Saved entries

★ ★ ★ ★ ★ ★ ★

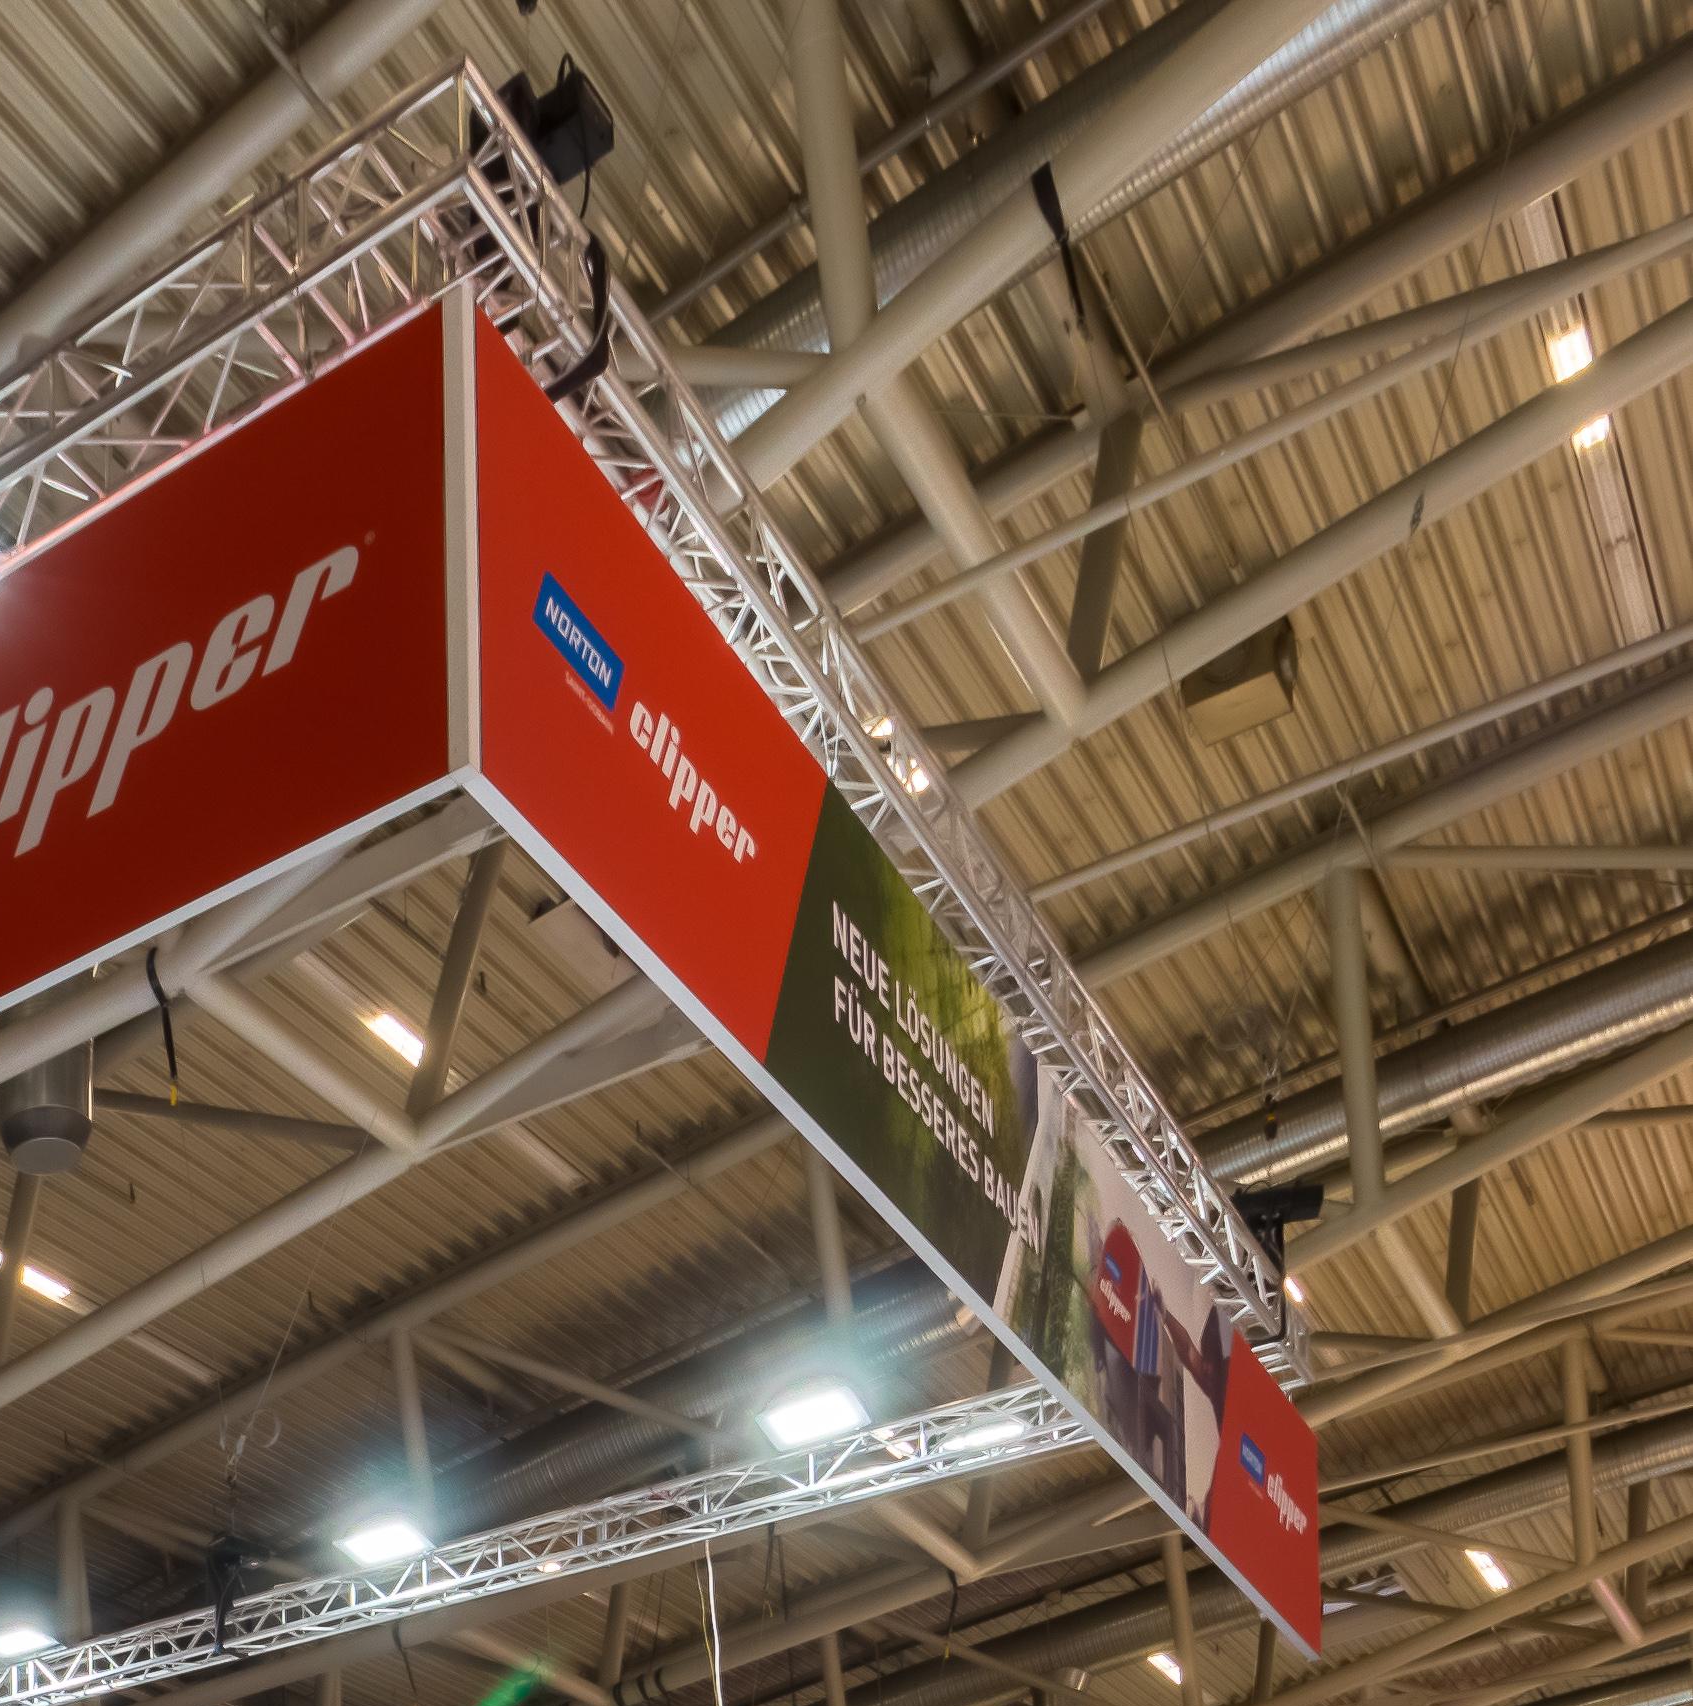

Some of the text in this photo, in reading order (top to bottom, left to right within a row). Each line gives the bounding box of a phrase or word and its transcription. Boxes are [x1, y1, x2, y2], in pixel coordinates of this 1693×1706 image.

[545, 597, 612, 689] NORTON
[629, 700, 757, 864] clipper
[833, 900, 994, 1138] NEUE LÖSUNGEN
[834, 975, 1041, 1255] FÜR BESSERES BAUEN
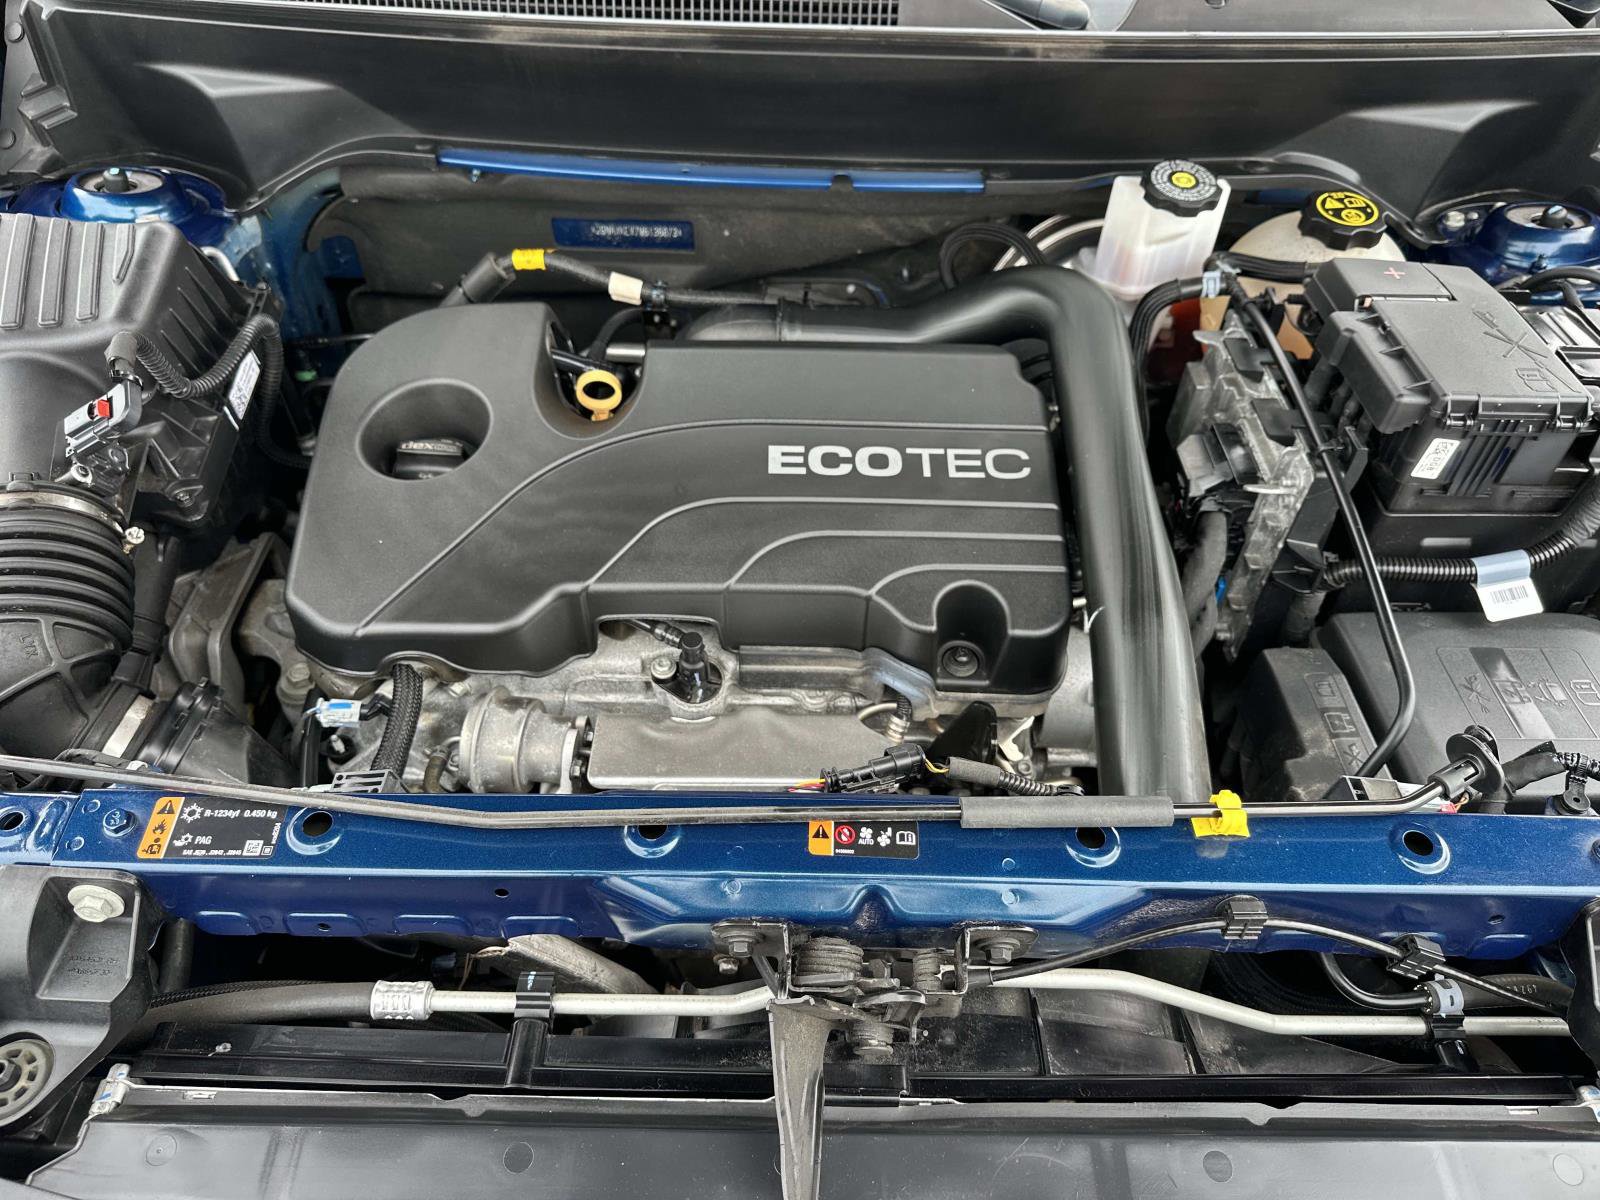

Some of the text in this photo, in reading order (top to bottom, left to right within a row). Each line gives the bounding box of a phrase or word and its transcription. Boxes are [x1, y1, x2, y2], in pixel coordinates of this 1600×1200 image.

[768, 445, 1031, 479] ECOTEC
[204, 809, 277, 819] R-1234yf 0.450 kg
[195, 836, 212, 844] PAG
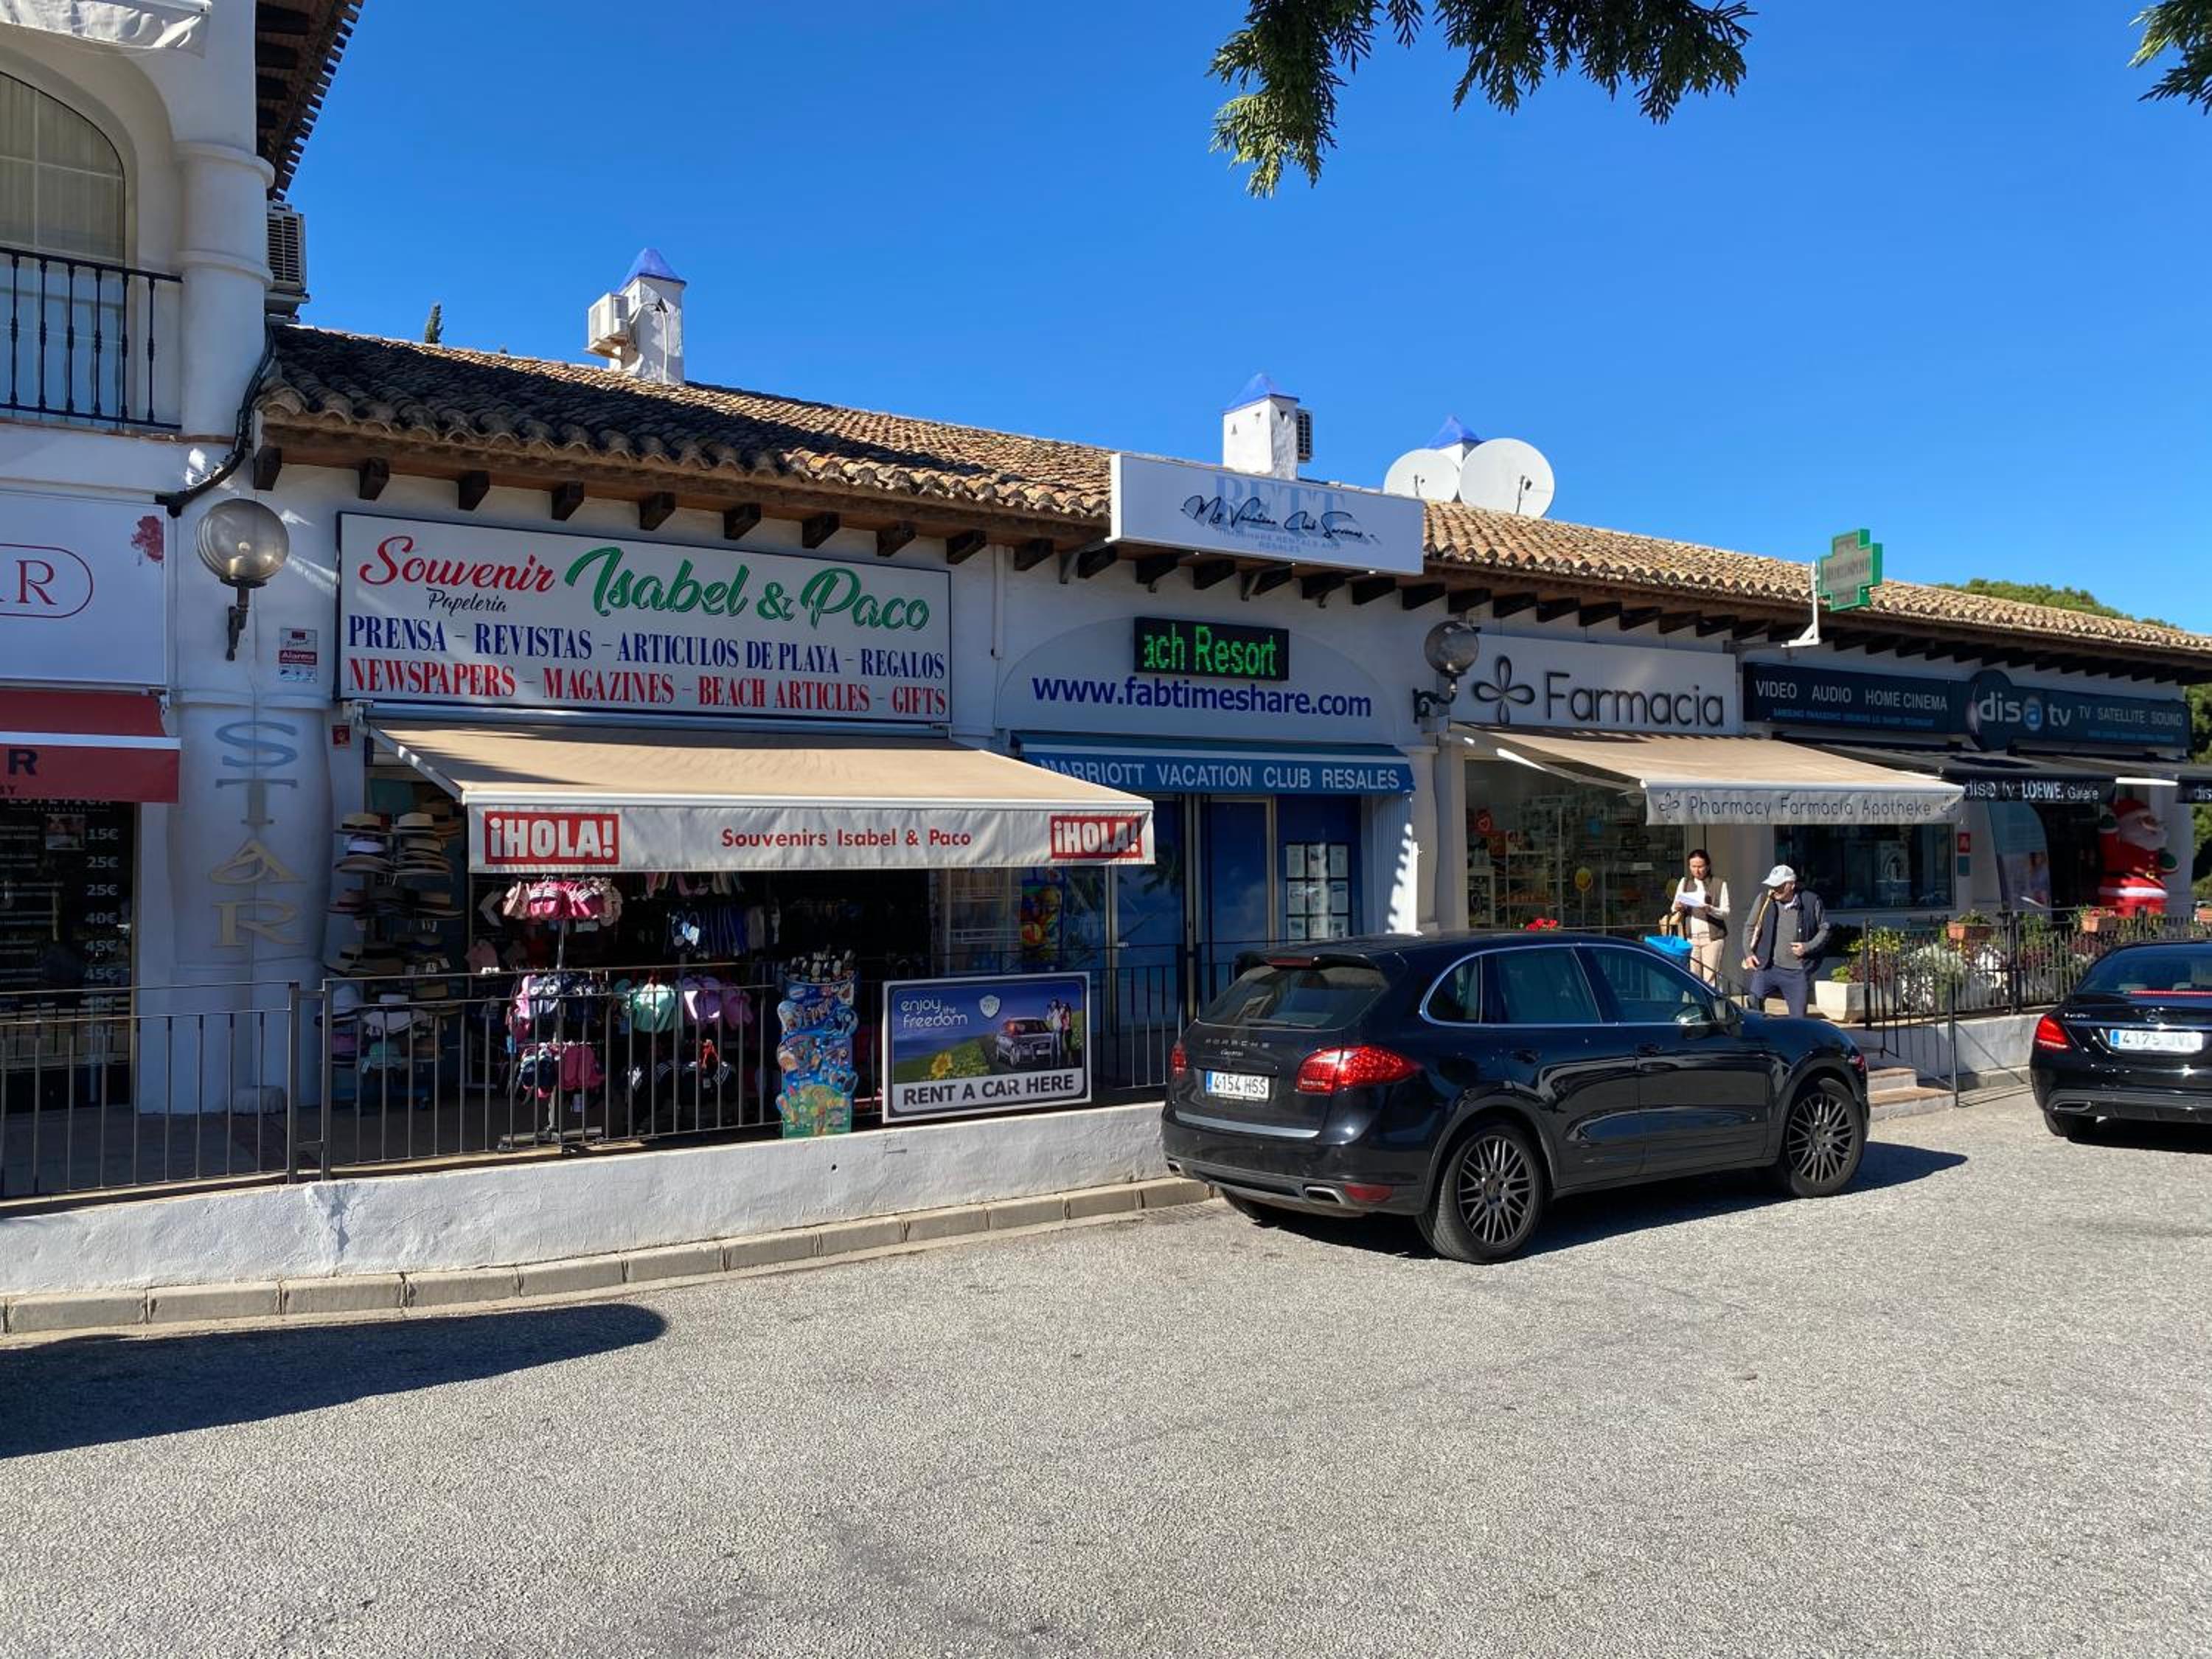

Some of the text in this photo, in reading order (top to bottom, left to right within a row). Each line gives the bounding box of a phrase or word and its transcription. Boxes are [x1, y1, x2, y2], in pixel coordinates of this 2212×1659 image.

[358, 535, 555, 592] Souvenir
[564, 546, 930, 631] Isabel & Paco
[425, 587, 508, 616] Papeleria
[349, 615, 447, 652] PRENSA
[475, 622, 592, 660] REVISTAS
[617, 632, 738, 668] ARTICULOS
[747, 640, 773, 670] DE
[779, 642, 839, 674] PLAYA
[860, 648, 945, 679] REGALOS
[1194, 626, 1277, 676] Resort
[349, 658, 515, 697] NEWSPAPERS
[543, 667, 675, 703] MAGAZINES
[698, 675, 765, 708] BEACH
[774, 679, 870, 712] ARTICLES
[891, 685, 945, 716] GIFTS
[1032, 675, 1371, 717] www.fabtimeshare.com
[1545, 671, 1724, 728] Farmacia
[1755, 680, 1947, 711] VIDEO AUDIO HOME CINEMA
[2048, 703, 2071, 727] tv
[2078, 706, 2183, 726] TV SATELLITE SOUND
[1156, 764, 1251, 787] VACATION
[1263, 767, 1311, 789] CLUB
[1322, 768, 1399, 790] RESALES
[1690, 796, 1932, 818] Pharmacy Farmacia Apotheke
[87, 827, 119, 840] 15€
[489, 816, 614, 858] ¡HOLA!
[721, 827, 972, 847] Souvenirs Isabel & Paco
[1054, 820, 1141, 854] ¡HOLA!
[86, 856, 119, 868] 25€
[86, 884, 118, 896] 25€
[85, 912, 118, 924] 40€
[85, 940, 118, 952] 45€
[900, 998, 942, 1015] enjoy
[942, 1005, 957, 1015] the
[903, 1013, 968, 1029] freedom
[903, 1074, 1074, 1105] RENT A CAR HERE
[1214, 1075, 1267, 1095] 4154 HSS

★ ★ ★ ★ ★ ★ ★

◆ Your goal:
Leaving out any images, restate every record word for word.

◆ Exercise answer:
Some of the text in this photo, in reading order (top to bottom, left to right within a row). Each line gives the bounding box of a phrase or word and its transcription. Boxes are [x1, y1, x2, y2], in pixel coordinates of this 1693×1706 image.

[545, 597, 612, 689] NORTON
[629, 700, 757, 864] clipper
[833, 900, 994, 1138] NEUE LÖSUNGEN
[834, 975, 1041, 1255] FÜR BESSERES BAUEN

Some of the text in this photo, in reading order (top to bottom, left to right within a row). Each line gives the bounding box of a phrase or word and its transcription. Boxes are [x1, y1, x2, y2], in pixel coordinates of this 1600×1200 image.

[768, 445, 1031, 479] ECOTEC
[204, 809, 277, 819] R-1234yf 0.450 kg
[195, 836, 212, 844] PAG

Some of the text in this photo, in reading order (top to bottom, left to right within a row). Each line gives the bounding box of a phrase or word and its transcription. Boxes are [x1, y1, x2, y2], in pixel coordinates of this 2212×1659 image.

[358, 535, 555, 592] Souvenir
[564, 546, 930, 631] Isabel & Paco
[425, 587, 508, 616] Papeleria
[349, 615, 447, 652] PRENSA
[475, 622, 592, 660] REVISTAS
[617, 632, 738, 668] ARTICULOS
[747, 640, 773, 670] DE
[779, 642, 839, 674] PLAYA
[860, 648, 945, 679] REGALOS
[1194, 626, 1277, 676] Resort
[349, 658, 515, 697] NEWSPAPERS
[543, 667, 675, 703] MAGAZINES
[698, 675, 765, 708] BEACH
[774, 679, 870, 712] ARTICLES
[891, 685, 945, 716] GIFTS
[1032, 675, 1371, 717] www.fabtimeshare.com
[1545, 671, 1724, 728] Farmacia
[1755, 680, 1947, 711] VIDEO AUDIO HOME CINEMA
[2048, 703, 2071, 727] tv
[2078, 706, 2183, 726] TV SATELLITE SOUND
[1156, 764, 1251, 787] VACATION
[1263, 767, 1311, 789] CLUB
[1322, 768, 1399, 790] RESALES
[1690, 796, 1932, 818] Pharmacy Farmacia Apotheke
[87, 827, 119, 840] 15€
[489, 816, 614, 858] ¡HOLA!
[721, 827, 972, 847] Souvenirs Isabel & Paco
[1054, 820, 1141, 854] ¡HOLA!
[86, 856, 119, 868] 25€
[86, 884, 118, 896] 25€
[85, 912, 118, 924] 40€
[85, 940, 118, 952] 45€
[900, 998, 942, 1015] enjoy
[942, 1005, 957, 1015] the
[903, 1013, 968, 1029] freedom
[903, 1074, 1074, 1105] RENT A CAR HERE
[1214, 1075, 1267, 1095] 4154 HSS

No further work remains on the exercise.